EXERCISE DETAILS -> Go through the data and copy every line exactly, but not the images.

====== LISTED RECORDS

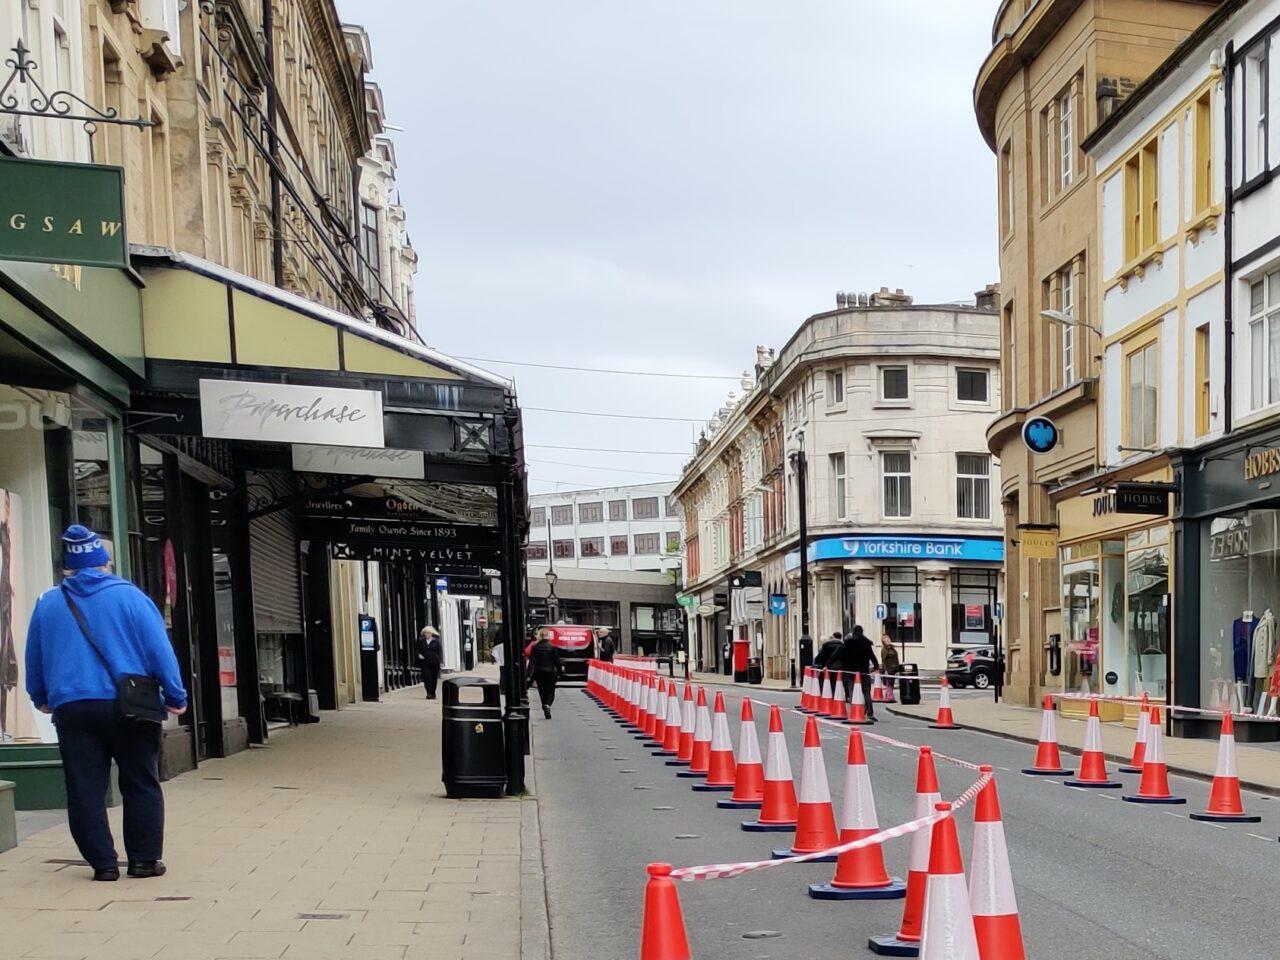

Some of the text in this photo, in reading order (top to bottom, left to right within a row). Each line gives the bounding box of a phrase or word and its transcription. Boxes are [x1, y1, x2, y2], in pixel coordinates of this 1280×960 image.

[218, 390, 366, 431] Paperchase
[1123, 493, 1162, 505] HOBBS
[1092, 494, 1117, 518] JOUL
[351, 524, 457, 538] Family Owned Since 1893
[863, 542, 963, 555] Yorkshire Bank
[1023, 539, 1055, 548] JOULES
[373, 547, 473, 560] MINT VELVET

============

RESULT OF THIS TASK ->
Some of the text in this photo, in reading order (top to bottom, left to right within a row). Each line gives the bounding box of a phrase or word and its transcription. Boxes are [x1, y1, x2, y2], in pixel coordinates of this 1280×960 image.

[218, 390, 366, 431] Paperchase
[1123, 493, 1162, 505] HOBBS
[1092, 494, 1117, 518] JOUL
[351, 524, 457, 538] Family Owned Since 1893
[863, 542, 963, 555] Yorkshire Bank
[1023, 539, 1055, 548] JOULES
[373, 547, 473, 560] MINT VELVET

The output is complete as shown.